● **Exercise requirements**
Print every entry, word for word, and skip the images.

Dataset items

>>

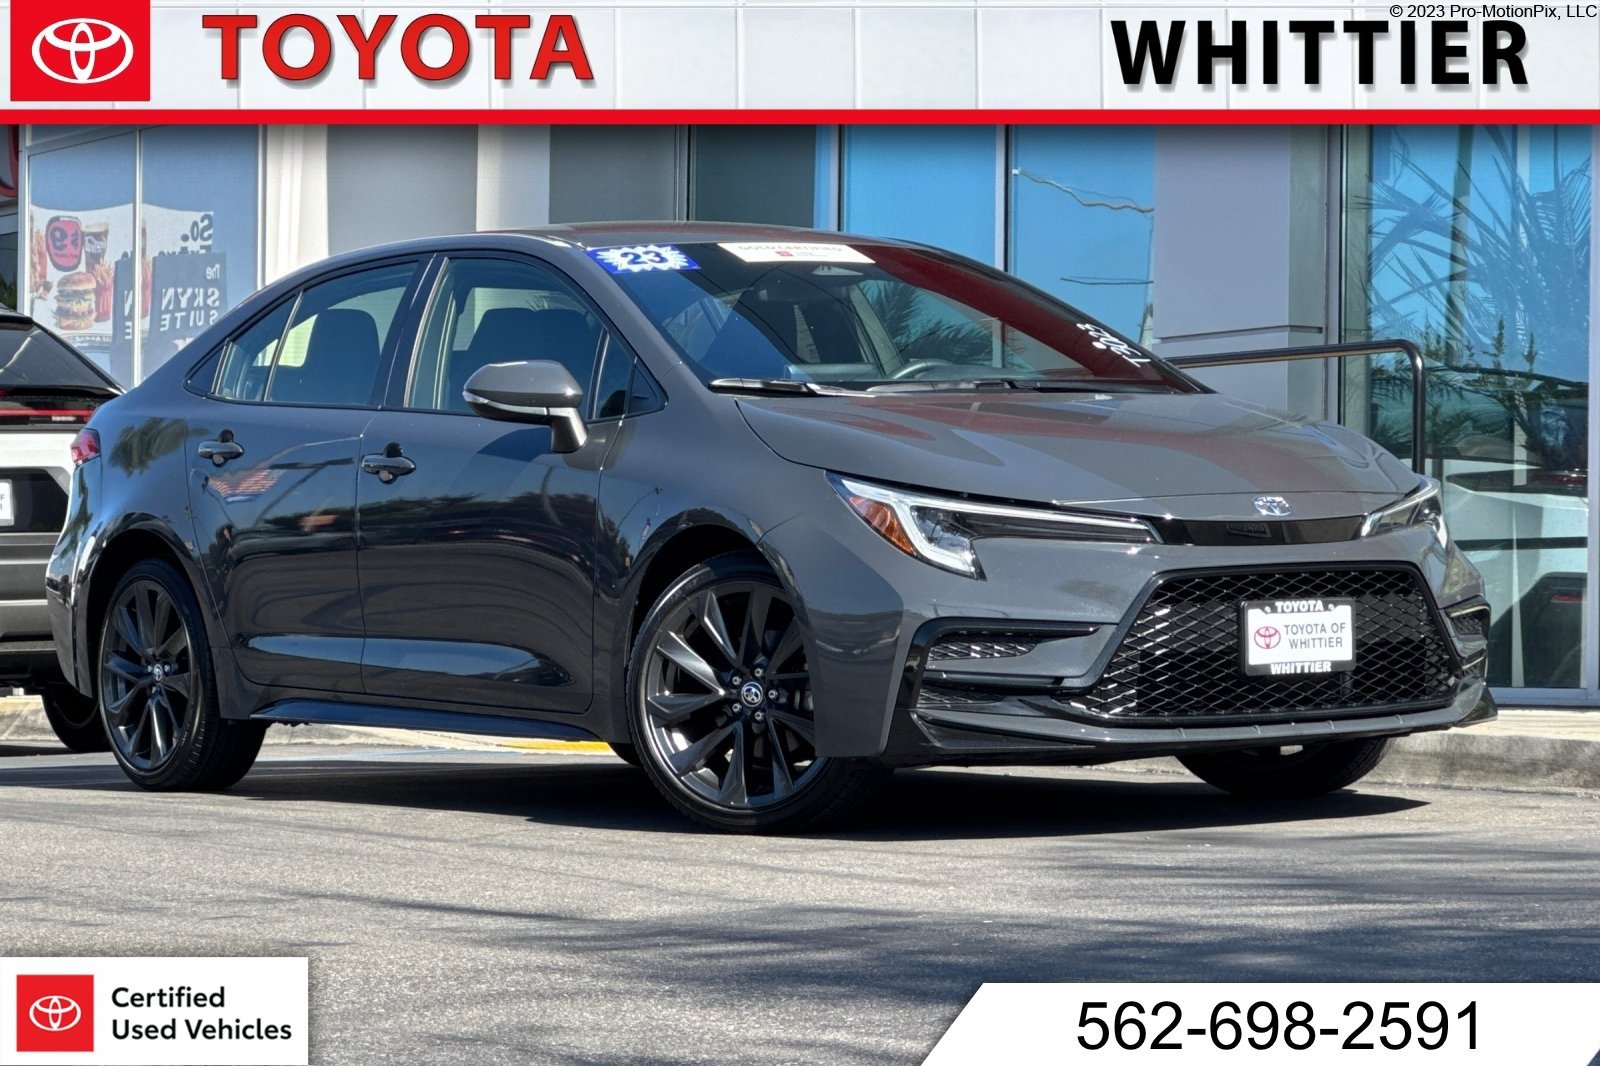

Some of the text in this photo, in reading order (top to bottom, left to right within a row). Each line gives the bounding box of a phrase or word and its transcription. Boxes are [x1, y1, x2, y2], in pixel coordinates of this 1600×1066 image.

[620, 250, 668, 266] 23
[1275, 600, 1324, 613] TOYOTA
[1284, 622, 1346, 636] TOYOTA OF
[1289, 637, 1343, 649] WHITTIER
[1270, 661, 1332, 675] WHITTIER

<<

● **Answer box**
Some of the text in this photo, in reading order (top to bottom, left to right within a row). Each line gives the bounding box of a phrase or word and its transcription. Boxes are [x1, y1, x2, y2], in pixel coordinates of this 1600×1066 image.

[620, 250, 668, 266] 23
[1275, 600, 1324, 613] TOYOTA
[1284, 622, 1346, 636] TOYOTA OF
[1289, 637, 1343, 649] WHITTIER
[1270, 661, 1332, 675] WHITTIER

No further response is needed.